1. The sufficiency of the evidence against the respondent, as contained in the investigator’s report;
2. The admissions and other stipulations of the respondent, if any;
3. The nature and circumstances of the respondent’s actions;
4. The expense of further proceedings; and
5. Such other factors as it deems material to its decision.

If the commission finds probable cause, the commission shall determine what charges shall be at issue.

(g) If no probable cause is found, the commission shall dismiss the case and the case shall become a matter of public record, except as otherwise provided in this section, together with a written statement of the findings of the preliminary investigation and a summary of the facts which the commission shall send to the complainant and the alleged violator. A finding of no probable cause by the commission is a full adjudication of all such matters. The commission may not charge a respondent in a subsequent complaint alleging violations based upon the same actions, nonactions, or circumstances wherein the commission found no probable cause.
(h) If probable cause is found, the commission shall so notify the complainant and the alleged violator in writing. All documents made or received in the disposition of the complaint shall become public records upon a finding by the commission.
(i)
1. Upon a commission finding of probable cause, the counsel for the commission shall attempt to reach a consent agreement with the respondent. At any time, the commission may enter into a consent order with a respondent without requiring the respondent to admit to a violation of law within the jurisdiction of the commission.
2. A consent agreement is not binding upon either party unless and until it is signed by the respondent and by counsel for the commission upon approval by the commission.
3. Nothing herein shall be construed to prevent the commission from entering into a consent agreement with a respondent prior to a commission finding of probable cause if a respondent indicates in writing a desire to enter into negotiations directed towards reaching such a consent agreement. Any consent agreement reached under this subparagraph is subject to the provisions of subparagraph 2. and shall have the same force and effect as a consent agreement reached after the commission finding of probable cause.
(j) If a consent agreement is reached between the commission and the respondent, counsel for the commission shall send a copy of the signed agreement to both complainant and respondent.
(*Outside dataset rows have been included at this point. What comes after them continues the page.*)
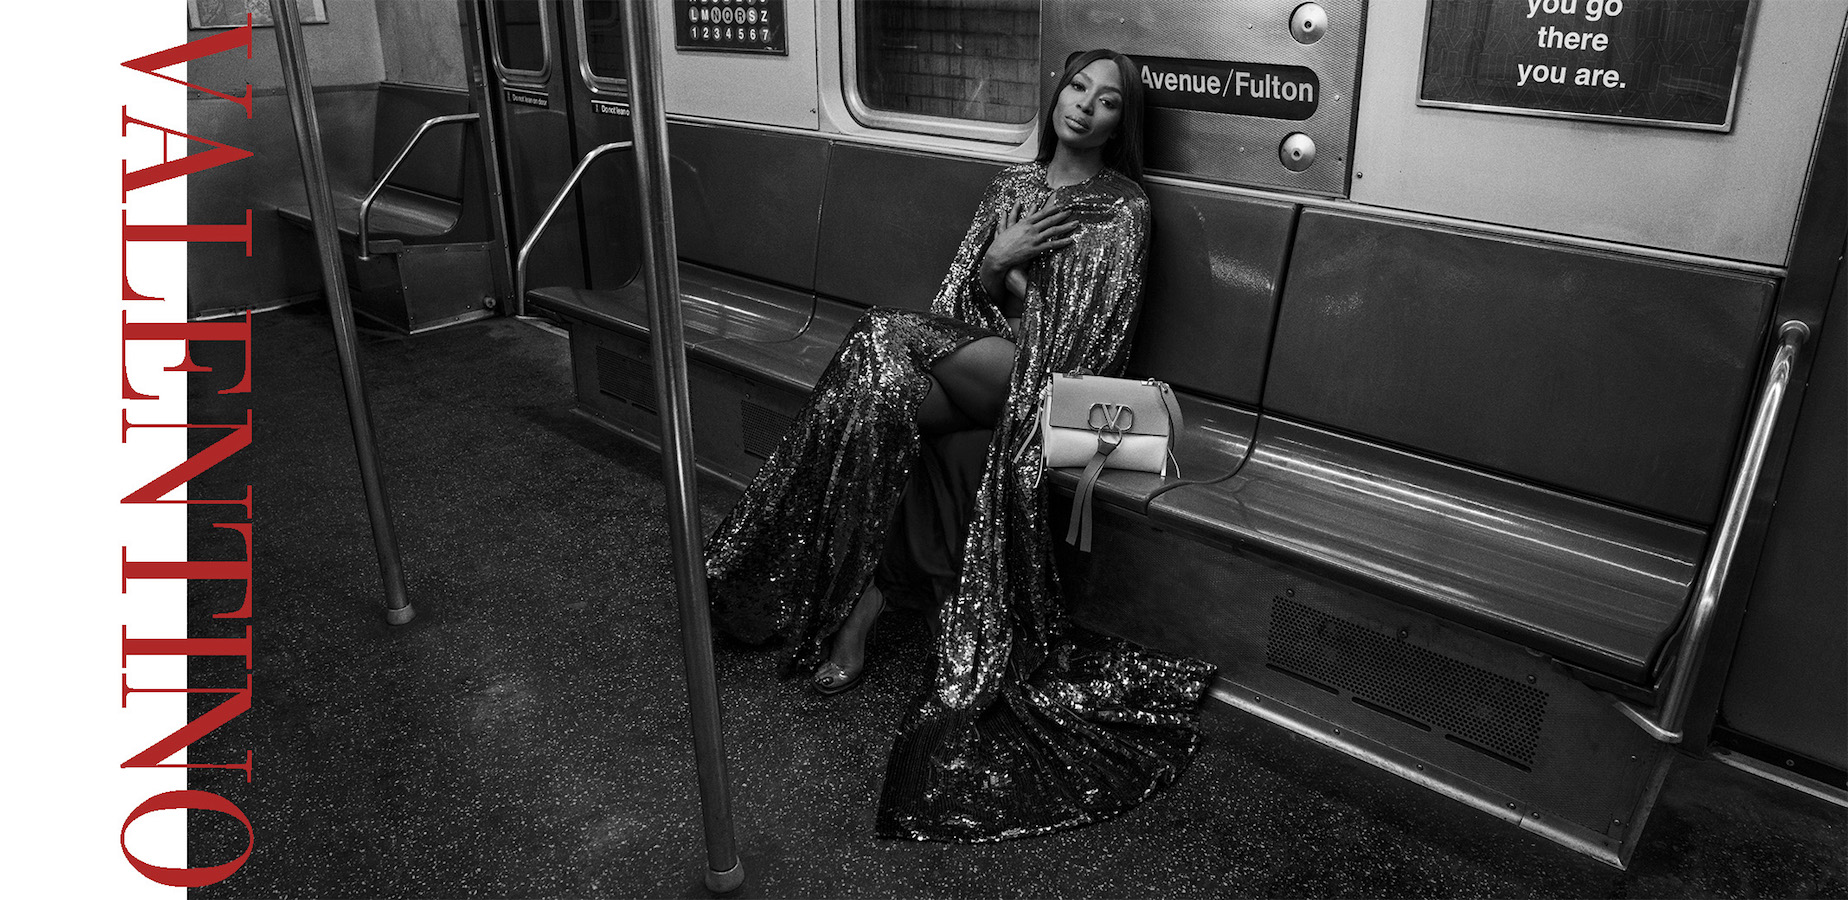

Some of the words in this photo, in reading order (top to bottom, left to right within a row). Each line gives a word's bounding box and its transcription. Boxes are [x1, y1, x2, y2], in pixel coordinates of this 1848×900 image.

[691, 9, 698, 20] L
[701, 9, 709, 21] M
[713, 9, 720, 21] N
[724, 9, 732, 22] Q
[737, 9, 744, 22] R
[749, 9, 756, 22] S
[760, 10, 768, 22] Z
[1527, 0, 1576, 18] you
[1585, 0, 1623, 22] go
[691, 27, 697, 38] 1
[703, 27, 709, 38] 2
[714, 27, 720, 39] 3
[725, 28, 732, 39] 4
[738, 28, 744, 40] 5
[750, 28, 756, 40] 6
[762, 29, 769, 41] 7
[1537, 25, 1609, 51] there
[1140, 65, 1314, 103] Avenue/Fulton
[1517, 63, 1566, 87] you
[1574, 68, 1626, 89] are.
In a case where probable cause is found, the commission shall make a preliminary determination to consider the matter or to refer the matter to the state attorney for the judicial circuit in which the alleged violation occurred. Notwithstanding any other provisions of this section, the commission may, at its discretion, dismiss any complaint at any stage of disposition if it determines that the public interest would not be served by proceeding further, in which case the commission shall issue a public report stating with particularity its reasons for the dismissal.

(5) A person alleged by the Elections Commission to have committed a violation of this chapter or chapter 104 may elect, as a matter of right, within 30 days after the date of the filing of the commission’s allegations, to have a formal administrative hearing conducted by an administrative law judge in the Division of Administrative Hearings. The administrative law judge in such proceedings shall enter a final order, which may include the imposition of civil penalties, subject to appeal as provided in s. 120.68. If the person does not elect to have a hearing by an administrative law judge and does not elect to resolve the complaint by a consent order, the person is entitled to a formal or informal hearing conducted before the commission.
(6) It is the duty of a state attorney receiving a complaint referred by the commission to investigate the complaint promptly and thoroughly; to undertake such criminal or civil actions as are justified by law; and to report to the commission the results of such investigation, the action taken, and the disposition thereof. The failure or refusal of a state attorney to prosecute or to initiate action upon a complaint or a referral by the commission shall not bar further action by the commission under this chapter.

(7) Every sworn complaint filed pursuant to this chapter with the commission, every investigation and investigative report or other paper of the commission with respect to a violation of this chapter or chapter 104, and every proceeding of the commission with respect to a violation of this chapter or chapter 104 is confidential, is exempt from the provisions of ss. 119.07(1) and286.011, and is exempt from publication in the Florida Administrative Register of any notice or agenda with respect to any proceeding relating to such violation, except under the following circumstances:

(a) As provided in subsection (6);
(b) Upon a determination of probable cause or no probable cause by the commission; or
(c) For proceedings conducted with respect to appeals of fines levied by filing officers for the late filing of reports required by this chapter.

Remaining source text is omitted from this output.